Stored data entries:
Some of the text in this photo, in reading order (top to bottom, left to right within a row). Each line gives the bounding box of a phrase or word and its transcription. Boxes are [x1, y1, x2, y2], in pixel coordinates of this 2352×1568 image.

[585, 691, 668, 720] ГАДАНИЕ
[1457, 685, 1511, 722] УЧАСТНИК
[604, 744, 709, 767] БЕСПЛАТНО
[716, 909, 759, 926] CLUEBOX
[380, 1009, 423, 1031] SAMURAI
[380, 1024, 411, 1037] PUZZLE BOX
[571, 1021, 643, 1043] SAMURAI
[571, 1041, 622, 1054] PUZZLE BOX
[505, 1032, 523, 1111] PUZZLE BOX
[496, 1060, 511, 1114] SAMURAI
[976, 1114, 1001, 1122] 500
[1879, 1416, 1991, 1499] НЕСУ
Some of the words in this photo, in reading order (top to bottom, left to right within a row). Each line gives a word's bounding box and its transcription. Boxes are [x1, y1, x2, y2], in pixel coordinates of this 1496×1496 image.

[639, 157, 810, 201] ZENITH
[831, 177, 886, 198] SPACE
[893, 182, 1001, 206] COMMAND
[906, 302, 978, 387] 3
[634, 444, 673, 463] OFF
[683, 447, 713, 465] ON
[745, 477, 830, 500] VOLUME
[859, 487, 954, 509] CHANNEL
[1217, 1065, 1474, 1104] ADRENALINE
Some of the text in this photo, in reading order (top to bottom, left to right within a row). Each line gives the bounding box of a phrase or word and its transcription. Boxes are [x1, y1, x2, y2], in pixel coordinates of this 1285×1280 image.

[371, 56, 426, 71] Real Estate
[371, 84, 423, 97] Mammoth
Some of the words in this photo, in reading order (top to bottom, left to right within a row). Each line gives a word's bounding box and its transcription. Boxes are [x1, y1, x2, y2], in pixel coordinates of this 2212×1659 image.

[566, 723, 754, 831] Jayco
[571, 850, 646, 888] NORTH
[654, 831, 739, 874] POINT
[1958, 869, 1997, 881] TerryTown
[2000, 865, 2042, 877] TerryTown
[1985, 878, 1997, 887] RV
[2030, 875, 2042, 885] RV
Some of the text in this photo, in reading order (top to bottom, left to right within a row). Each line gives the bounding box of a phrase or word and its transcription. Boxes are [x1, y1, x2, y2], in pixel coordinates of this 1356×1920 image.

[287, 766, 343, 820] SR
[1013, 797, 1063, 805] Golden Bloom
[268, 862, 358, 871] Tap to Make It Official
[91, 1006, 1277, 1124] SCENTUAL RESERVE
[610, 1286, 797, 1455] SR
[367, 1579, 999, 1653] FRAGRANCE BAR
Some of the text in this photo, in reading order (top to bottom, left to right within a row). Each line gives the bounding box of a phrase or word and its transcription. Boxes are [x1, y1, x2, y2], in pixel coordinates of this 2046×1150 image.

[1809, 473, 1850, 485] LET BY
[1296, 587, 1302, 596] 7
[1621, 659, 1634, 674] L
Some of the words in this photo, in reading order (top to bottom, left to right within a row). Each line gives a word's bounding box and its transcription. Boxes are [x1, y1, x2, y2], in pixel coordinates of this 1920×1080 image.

● Your goal
Transcribe all entries exactly as they are given.

● Answer to this exercise
Some of the text in this photo, in reading order (top to bottom, left to right within a row). Each line gives the bounding box of a phrase or word and its transcription. Boxes are [x1, y1, x2, y2], in pixel coordinates of this 2352×1568 image.

[585, 691, 668, 720] ГАДАНИЕ
[1457, 685, 1511, 722] УЧАСТНИК
[604, 744, 709, 767] БЕСПЛАТНО
[716, 909, 759, 926] CLUEBOX
[380, 1009, 423, 1031] SAMURAI
[380, 1024, 411, 1037] PUZZLE BOX
[571, 1021, 643, 1043] SAMURAI
[571, 1041, 622, 1054] PUZZLE BOX
[505, 1032, 523, 1111] PUZZLE BOX
[496, 1060, 511, 1114] SAMURAI
[976, 1114, 1001, 1122] 500
[1879, 1416, 1991, 1499] НЕСУ
Some of the words in this photo, in reading order (top to bottom, left to right within a row). Each line gives a word's bounding box and its transcription. Boxes are [x1, y1, x2, y2], in pixel coordinates of this 1496×1496 image.

[639, 157, 810, 201] ZENITH
[831, 177, 886, 198] SPACE
[893, 182, 1001, 206] COMMAND
[906, 302, 978, 387] 3
[634, 444, 673, 463] OFF
[683, 447, 713, 465] ON
[745, 477, 830, 500] VOLUME
[859, 487, 954, 509] CHANNEL
[1217, 1065, 1474, 1104] ADRENALINE
Some of the text in this photo, in reading order (top to bottom, left to right within a row). Each line gives the bounding box of a phrase or word and its transcription. Boxes are [x1, y1, x2, y2], in pixel coordinates of this 1285×1280 image.

[371, 56, 426, 71] Real Estate
[371, 84, 423, 97] Mammoth
Some of the words in this photo, in reading order (top to bottom, left to right within a row). Each line gives a word's bounding box and its transcription. Boxes are [x1, y1, x2, y2], in pixel coordinates of this 2212×1659 image.

[566, 723, 754, 831] Jayco
[571, 850, 646, 888] NORTH
[654, 831, 739, 874] POINT
[1958, 869, 1997, 881] TerryTown
[2000, 865, 2042, 877] TerryTown
[1985, 878, 1997, 887] RV
[2030, 875, 2042, 885] RV
Some of the text in this photo, in reading order (top to bottom, left to right within a row). Each line gives the bounding box of a phrase or word and its transcription. Boxes are [x1, y1, x2, y2], in pixel coordinates of this 1356×1920 image.

[287, 766, 343, 820] SR
[1013, 797, 1063, 805] Golden Bloom
[268, 862, 358, 871] Tap to Make It Official
[91, 1006, 1277, 1124] SCENTUAL RESERVE
[610, 1286, 797, 1455] SR
[367, 1579, 999, 1653] FRAGRANCE BAR
Some of the text in this photo, in reading order (top to bottom, left to right within a row). Each line gives the bounding box of a phrase or word and its transcription. Boxes are [x1, y1, x2, y2], in pixel coordinates of this 2046×1150 image.

[1809, 473, 1850, 485] LET BY
[1296, 587, 1302, 596] 7
[1621, 659, 1634, 674] L
Some of the words in this photo, in reading order (top to bottom, left to right within a row). Each line gives a word's bounding box and its transcription. Boxes are [x1, y1, x2, y2], in pixel coordinates of this 1920×1080 image.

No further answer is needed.